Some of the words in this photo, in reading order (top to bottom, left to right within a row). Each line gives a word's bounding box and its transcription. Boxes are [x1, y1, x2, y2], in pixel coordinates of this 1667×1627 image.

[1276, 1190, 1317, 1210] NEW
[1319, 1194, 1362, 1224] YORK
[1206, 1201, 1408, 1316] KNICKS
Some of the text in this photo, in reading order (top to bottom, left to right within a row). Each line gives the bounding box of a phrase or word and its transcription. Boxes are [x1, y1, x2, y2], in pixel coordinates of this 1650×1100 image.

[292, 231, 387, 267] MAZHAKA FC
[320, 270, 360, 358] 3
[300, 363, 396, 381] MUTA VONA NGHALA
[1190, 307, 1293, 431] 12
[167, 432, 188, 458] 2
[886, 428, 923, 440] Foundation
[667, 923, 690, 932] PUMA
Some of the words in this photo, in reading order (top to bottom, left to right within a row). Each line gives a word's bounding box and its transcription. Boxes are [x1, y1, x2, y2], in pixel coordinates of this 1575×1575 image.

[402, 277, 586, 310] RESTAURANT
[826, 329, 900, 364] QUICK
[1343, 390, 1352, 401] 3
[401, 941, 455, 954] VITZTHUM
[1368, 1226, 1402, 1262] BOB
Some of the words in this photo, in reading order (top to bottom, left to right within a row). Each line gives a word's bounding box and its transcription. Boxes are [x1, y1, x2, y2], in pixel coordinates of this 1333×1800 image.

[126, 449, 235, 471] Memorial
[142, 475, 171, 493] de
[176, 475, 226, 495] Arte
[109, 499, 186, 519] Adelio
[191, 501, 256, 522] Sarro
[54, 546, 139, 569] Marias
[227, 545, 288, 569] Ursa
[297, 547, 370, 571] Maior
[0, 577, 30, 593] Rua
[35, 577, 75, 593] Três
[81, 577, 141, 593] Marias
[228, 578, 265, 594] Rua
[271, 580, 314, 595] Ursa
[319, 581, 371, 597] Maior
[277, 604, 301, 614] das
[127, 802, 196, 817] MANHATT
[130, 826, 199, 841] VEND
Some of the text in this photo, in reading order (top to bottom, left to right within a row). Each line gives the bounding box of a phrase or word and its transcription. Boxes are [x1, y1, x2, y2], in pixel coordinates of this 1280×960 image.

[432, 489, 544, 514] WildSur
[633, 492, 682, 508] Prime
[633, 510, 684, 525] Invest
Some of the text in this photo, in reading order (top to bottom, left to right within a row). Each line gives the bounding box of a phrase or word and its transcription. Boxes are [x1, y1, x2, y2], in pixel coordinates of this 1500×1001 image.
━━━━━━━━━━
▶ **What is being asked**
All of the entries are to be set down again without alteration.

▶ **Solution to this exercise**
Some of the words in this photo, in reading order (top to bottom, left to right within a row). Each line gives a word's bounding box and its transcription. Boxes are [x1, y1, x2, y2], in pixel coordinates of this 1667×1627 image.

[1276, 1190, 1317, 1210] NEW
[1319, 1194, 1362, 1224] YORK
[1206, 1201, 1408, 1316] KNICKS
Some of the text in this photo, in reading order (top to bottom, left to right within a row). Each line gives the bounding box of a phrase or word and its transcription. Boxes are [x1, y1, x2, y2], in pixel coordinates of this 1650×1100 image.

[292, 231, 387, 267] MAZHAKA FC
[320, 270, 360, 358] 3
[300, 363, 396, 381] MUTA VONA NGHALA
[1190, 307, 1293, 431] 12
[167, 432, 188, 458] 2
[886, 428, 923, 440] Foundation
[667, 923, 690, 932] PUMA
Some of the words in this photo, in reading order (top to bottom, left to right within a row). Each line gives a word's bounding box and its transcription. Boxes are [x1, y1, x2, y2], in pixel coordinates of this 1575×1575 image.

[402, 277, 586, 310] RESTAURANT
[826, 329, 900, 364] QUICK
[1343, 390, 1352, 401] 3
[401, 941, 455, 954] VITZTHUM
[1368, 1226, 1402, 1262] BOB
Some of the words in this photo, in reading order (top to bottom, left to right within a row). Each line gives a word's bounding box and its transcription. Boxes are [x1, y1, x2, y2], in pixel coordinates of this 1333×1800 image.

[126, 449, 235, 471] Memorial
[142, 475, 171, 493] de
[176, 475, 226, 495] Arte
[109, 499, 186, 519] Adelio
[191, 501, 256, 522] Sarro
[54, 546, 139, 569] Marias
[227, 545, 288, 569] Ursa
[297, 547, 370, 571] Maior
[0, 577, 30, 593] Rua
[35, 577, 75, 593] Três
[81, 577, 141, 593] Marias
[228, 578, 265, 594] Rua
[271, 580, 314, 595] Ursa
[319, 581, 371, 597] Maior
[277, 604, 301, 614] das
[127, 802, 196, 817] MANHATT
[130, 826, 199, 841] VEND
Some of the text in this photo, in reading order (top to bottom, left to right within a row). Each line gives the bounding box of a phrase or word and its transcription. Boxes are [x1, y1, x2, y2], in pixel coordinates of this 1280×960 image.

[432, 489, 544, 514] WildSur
[633, 492, 682, 508] Prime
[633, 510, 684, 525] Invest
Some of the text in this photo, in reading order (top to bottom, left to right within a row). Each line gives the bounding box of a phrase or word and its transcription. Boxes are [x1, y1, x2, y2], in pixel coordinates of this 1500×1001 image.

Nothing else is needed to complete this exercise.